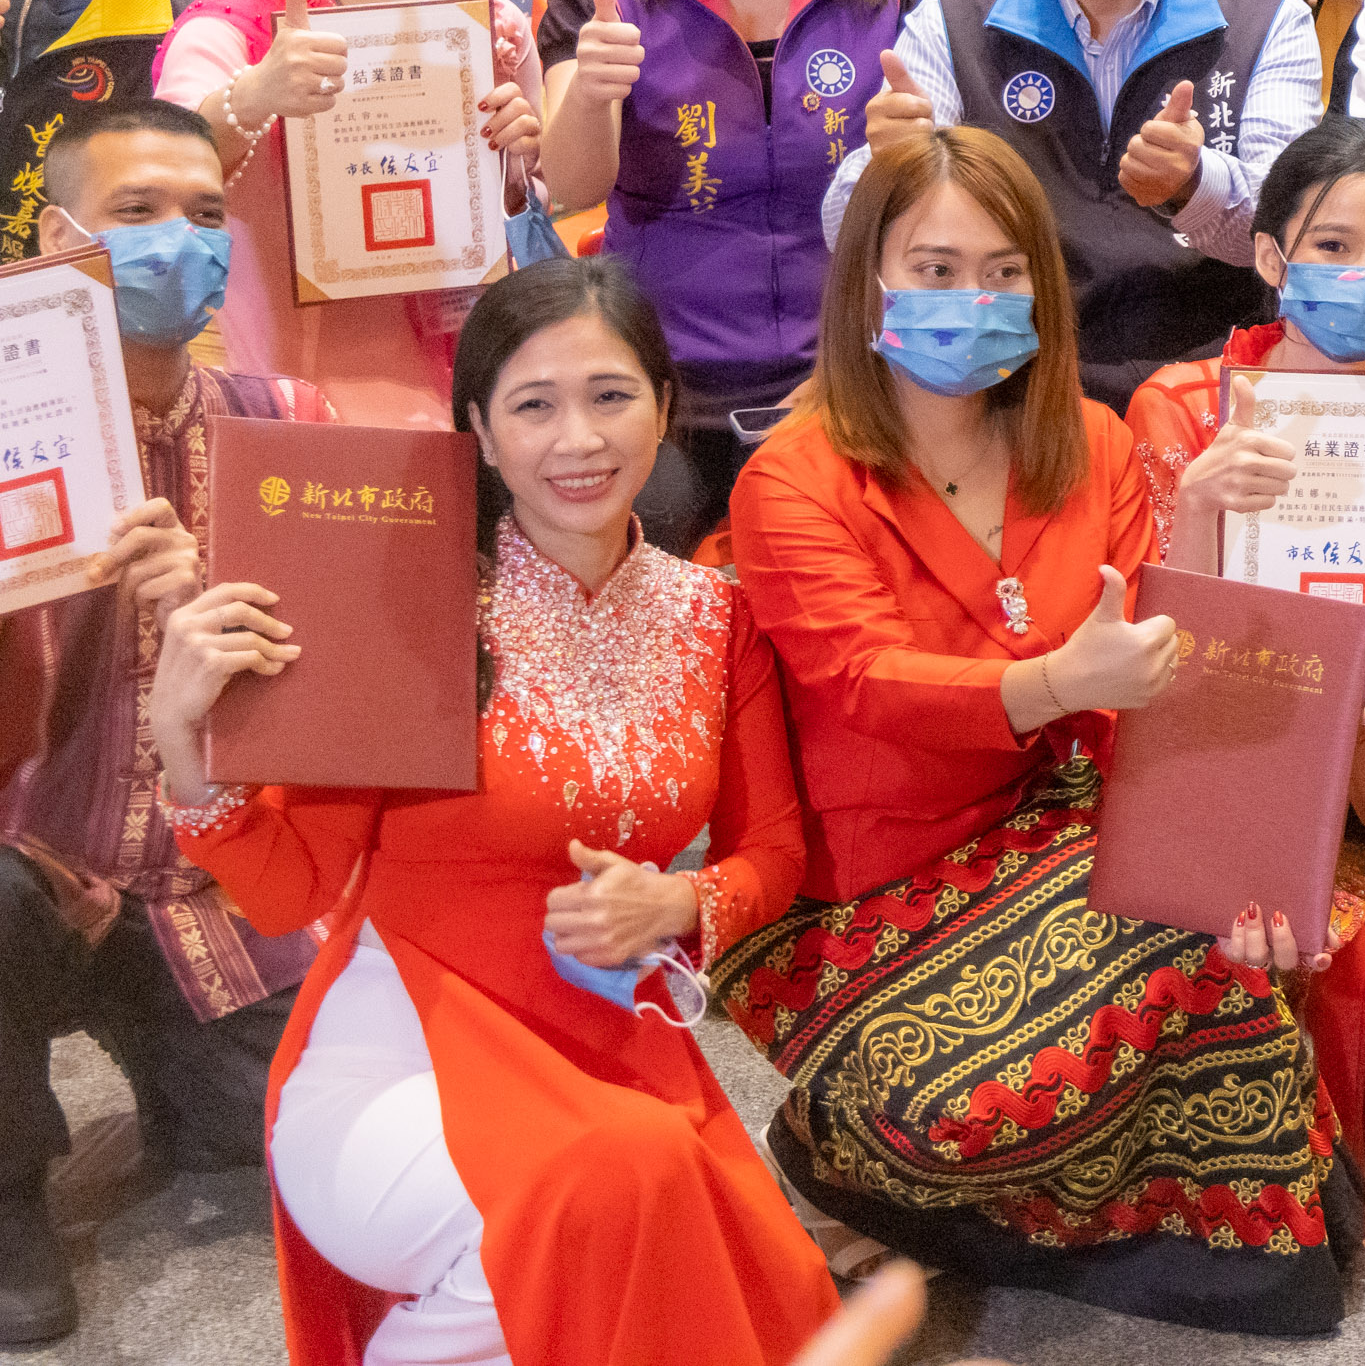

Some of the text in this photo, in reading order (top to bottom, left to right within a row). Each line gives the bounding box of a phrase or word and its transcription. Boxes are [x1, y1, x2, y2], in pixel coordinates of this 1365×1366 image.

[352, 64, 424, 85] 結業證書
[1207, 70, 1237, 155] 新北市
[300, 481, 435, 514] 新北市政府
[302, 511, 437, 526] New Taipei City Government
[1202, 636, 1325, 683] 新北市政府

EXERCISE BRIEF:
Give back every line of the material exactly as written, but not the pictures.

EXPECTED ANSWER:
Some of the text in this photo, in reading order (top to bottom, left to right within a row). Each line gives the bounding box of a phrase or word and its transcription. Boxes are [x1, y1, x2, y2], in pixel coordinates of this 1365×1366 image.

[352, 64, 424, 85] 結業證書
[1207, 70, 1237, 155] 新北市
[300, 481, 435, 514] 新北市政府
[302, 511, 437, 526] New Taipei City Government
[1202, 636, 1325, 683] 新北市政府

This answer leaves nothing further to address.